**Brief:**
When duplicating the records beneath this instruction, omit every picture and keep all else exact.

*** Record set Section Begins ***

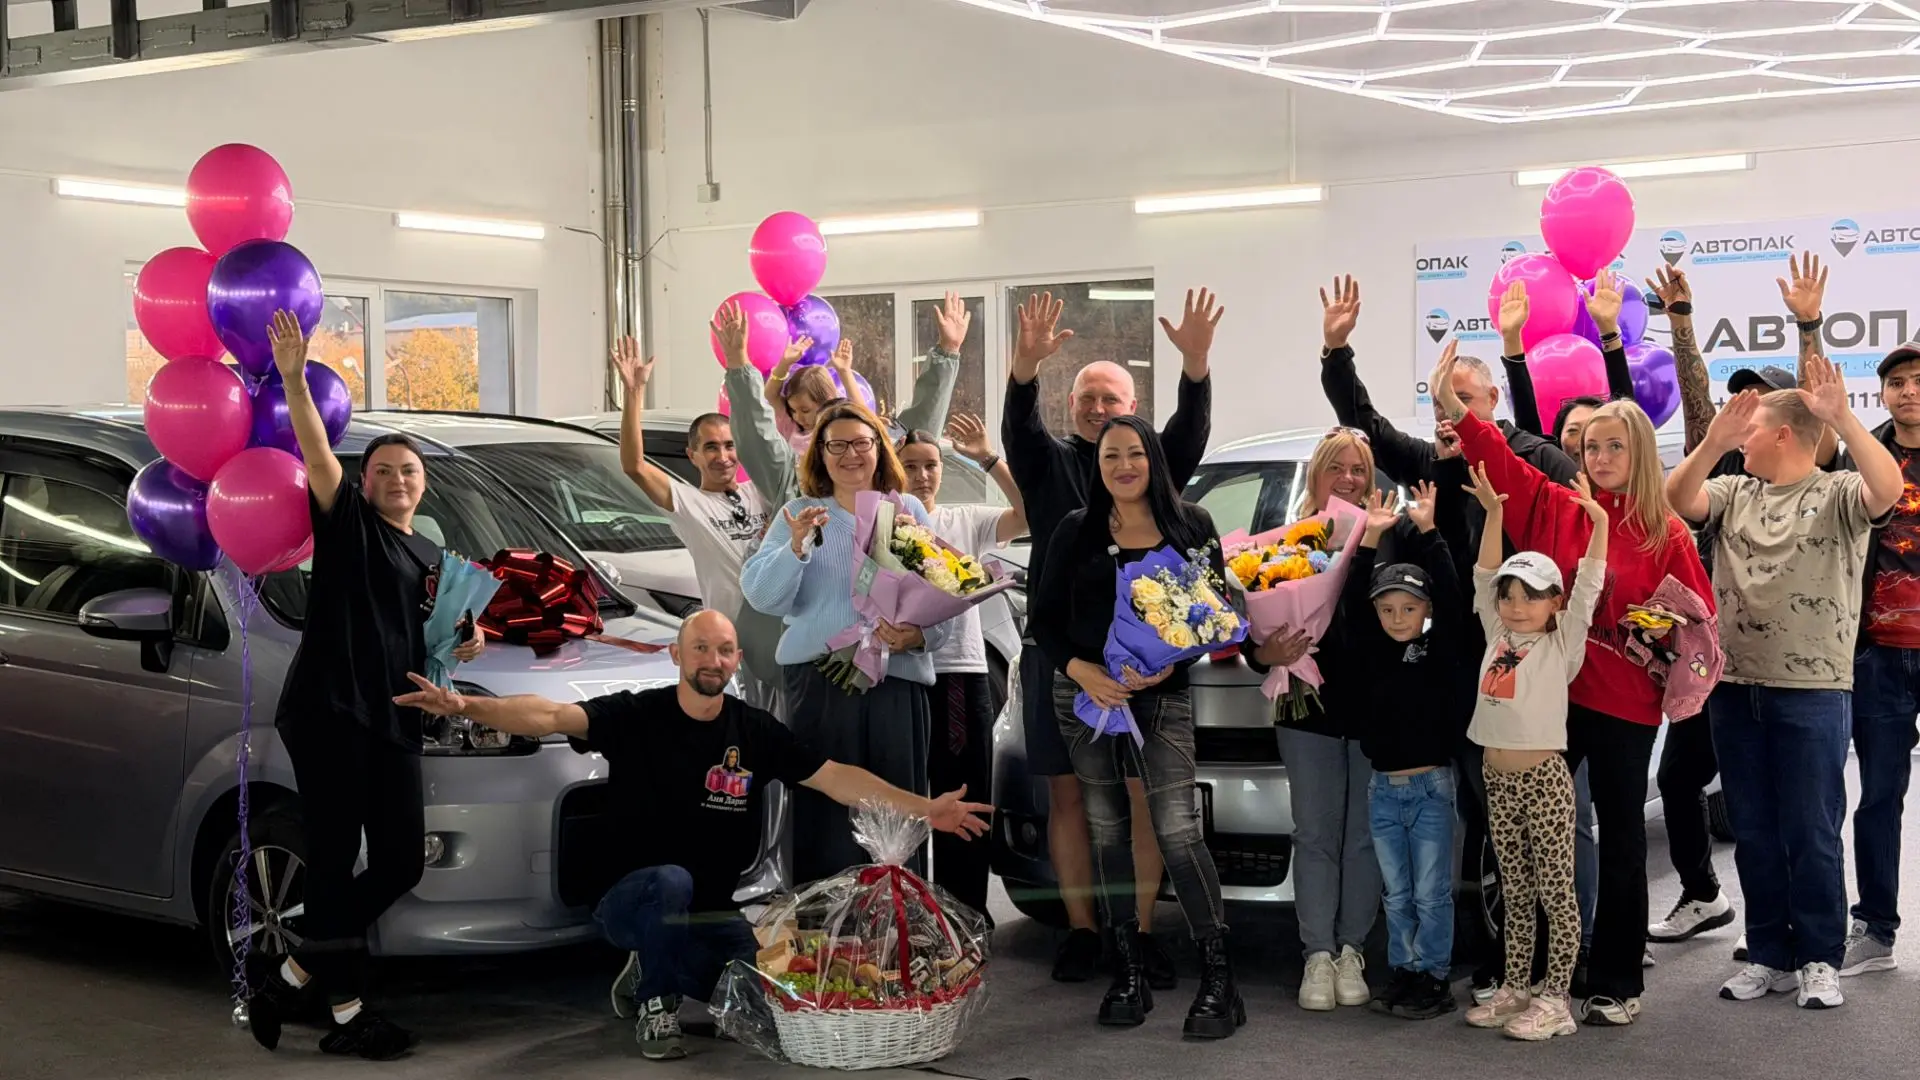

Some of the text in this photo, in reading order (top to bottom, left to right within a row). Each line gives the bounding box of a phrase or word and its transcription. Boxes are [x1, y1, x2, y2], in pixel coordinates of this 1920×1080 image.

[1690, 235, 1795, 254] АВТОПАК
[1416, 255, 1469, 270] ОПАК
[1453, 317, 1496, 331] АВТ
[1702, 309, 1920, 353] АВОП
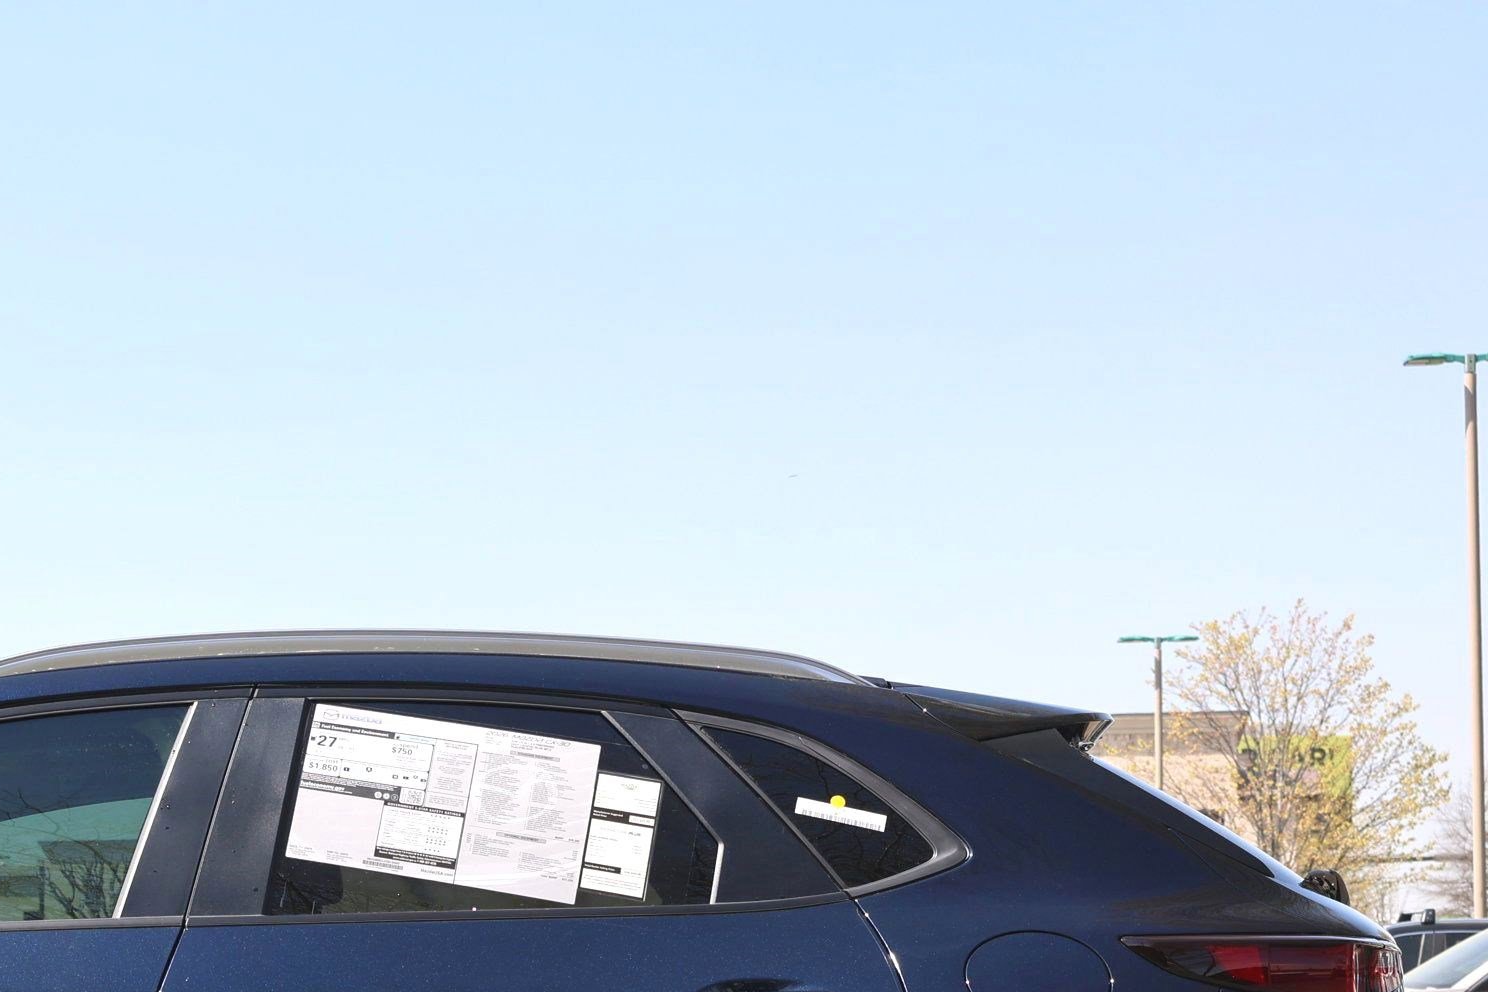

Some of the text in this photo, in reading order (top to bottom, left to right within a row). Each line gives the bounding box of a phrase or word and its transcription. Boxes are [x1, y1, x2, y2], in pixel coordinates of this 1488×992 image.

[361, 728, 389, 737] Environment
[316, 735, 338, 747] 27
[391, 747, 413, 756] $750
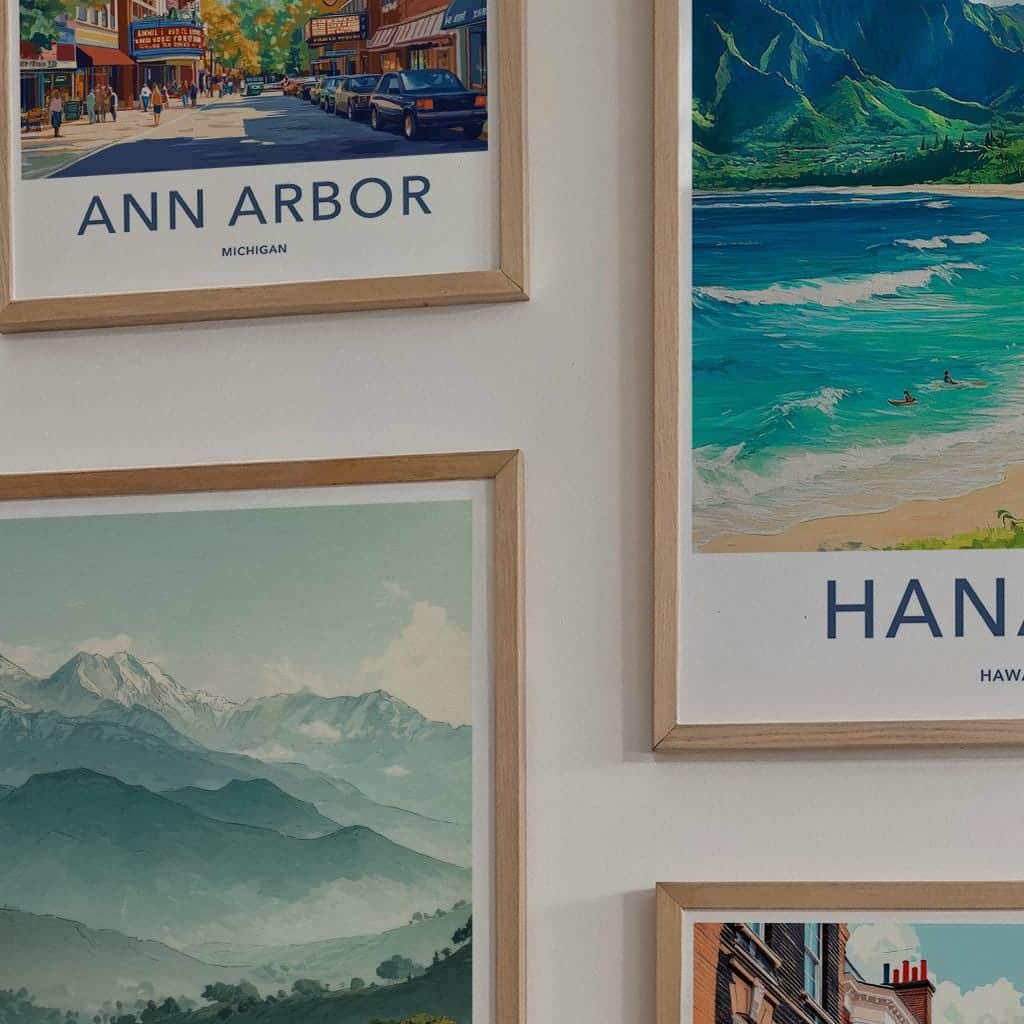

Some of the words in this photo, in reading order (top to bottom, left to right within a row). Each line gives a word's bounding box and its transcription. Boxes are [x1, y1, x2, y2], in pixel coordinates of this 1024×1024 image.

[77, 187, 205, 236] ANN
[228, 175, 432, 227] ARBOR
[221, 244, 288, 257] MICHIGAN
[827, 577, 1024, 639] HAN
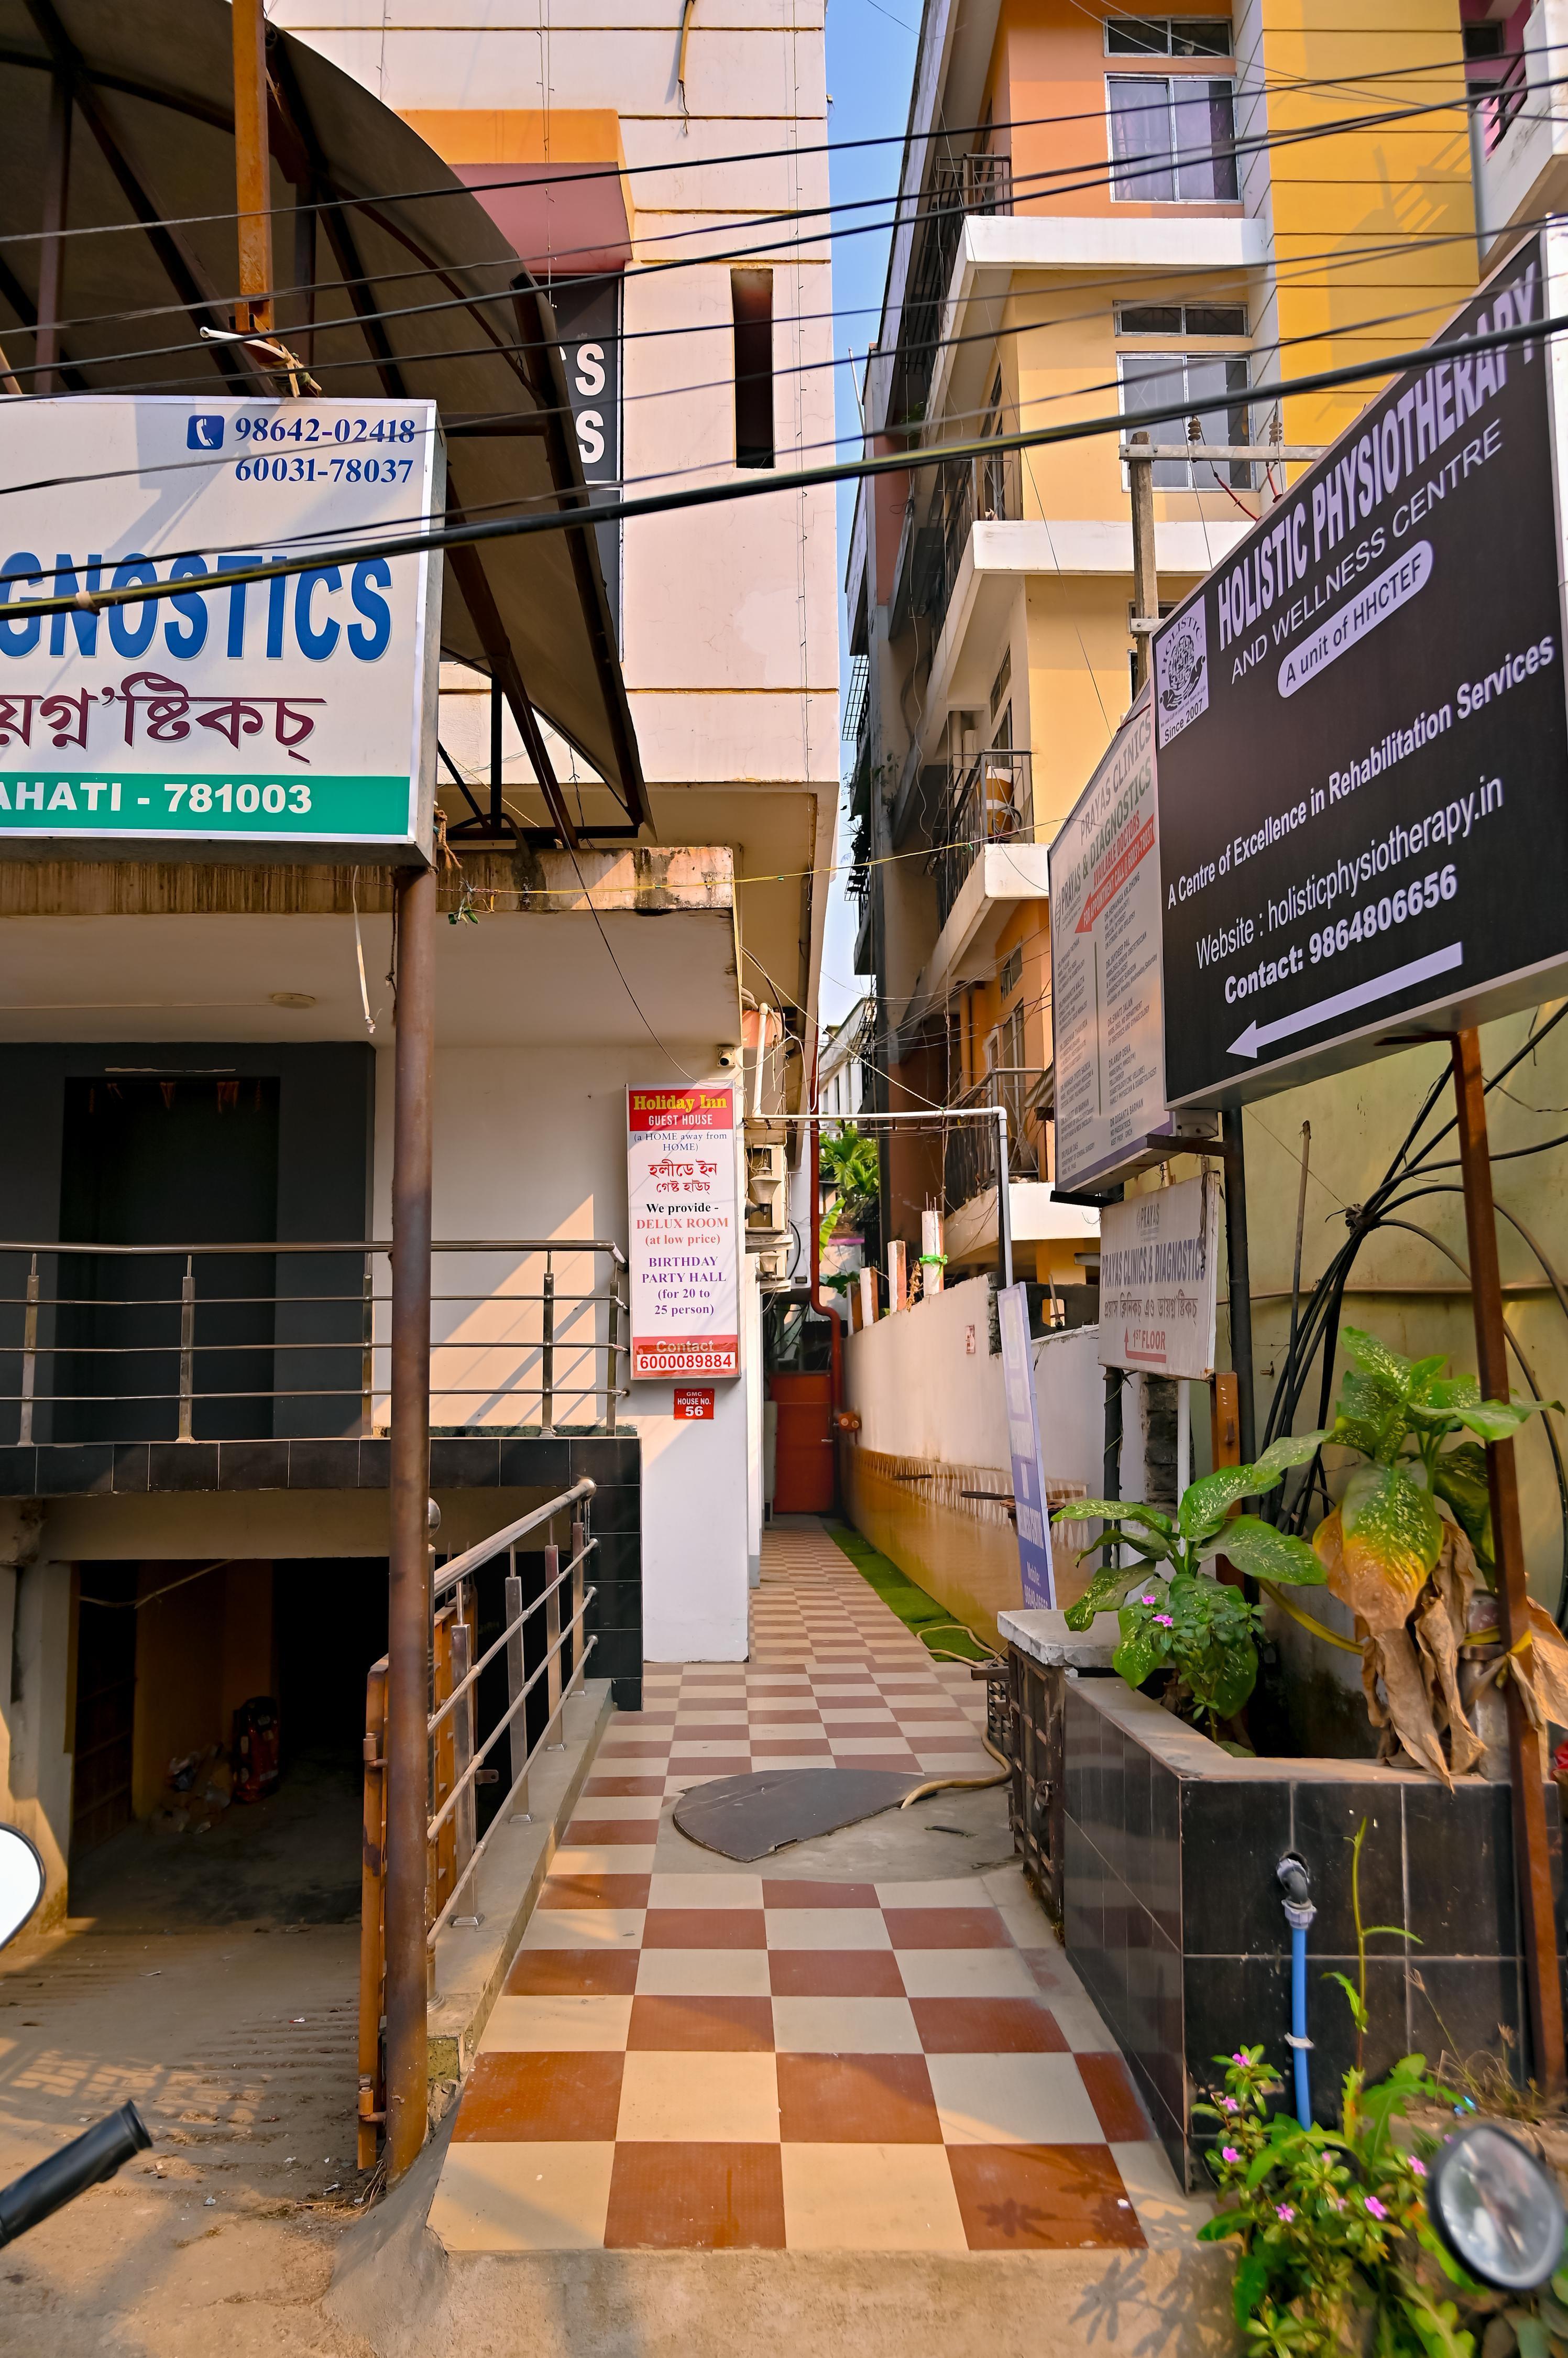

*** Record set Section Ends ***

**Solved exercise:**
Some of the text in this photo, in reading order (top to bottom, left to right within a row). Each line gives the bounding box of a phrase or word and its transcription. Boxes are [x1, y1, x2, y2], in pixel coordinates of this 1920×1080 image.

[1690, 235, 1795, 254] АВТОПАК
[1416, 255, 1469, 270] ОПАК
[1453, 317, 1496, 331] АВТ
[1702, 309, 1920, 353] АВОП

Some of the text in this photo, in reading order (top to bottom, left to right within a row). Each line gives the bounding box of a phrase or word and its transcription. Boxes are [x1, y1, x2, y2], in pixel coordinates of this 1488×992 image.

[361, 728, 389, 737] Environment
[316, 735, 338, 747] 27
[391, 747, 413, 756] $750

Some of the words in this photo, in reading order (top to bottom, left to right within a row). Each line gives a word's bounding box and its transcription. Boxes are [x1, y1, x2, y2], in pixel coordinates of this 1024×1024 image.

[77, 187, 205, 236] ANN
[228, 175, 432, 227] ARBOR
[221, 244, 288, 257] MICHIGAN
[827, 577, 1024, 639] HAN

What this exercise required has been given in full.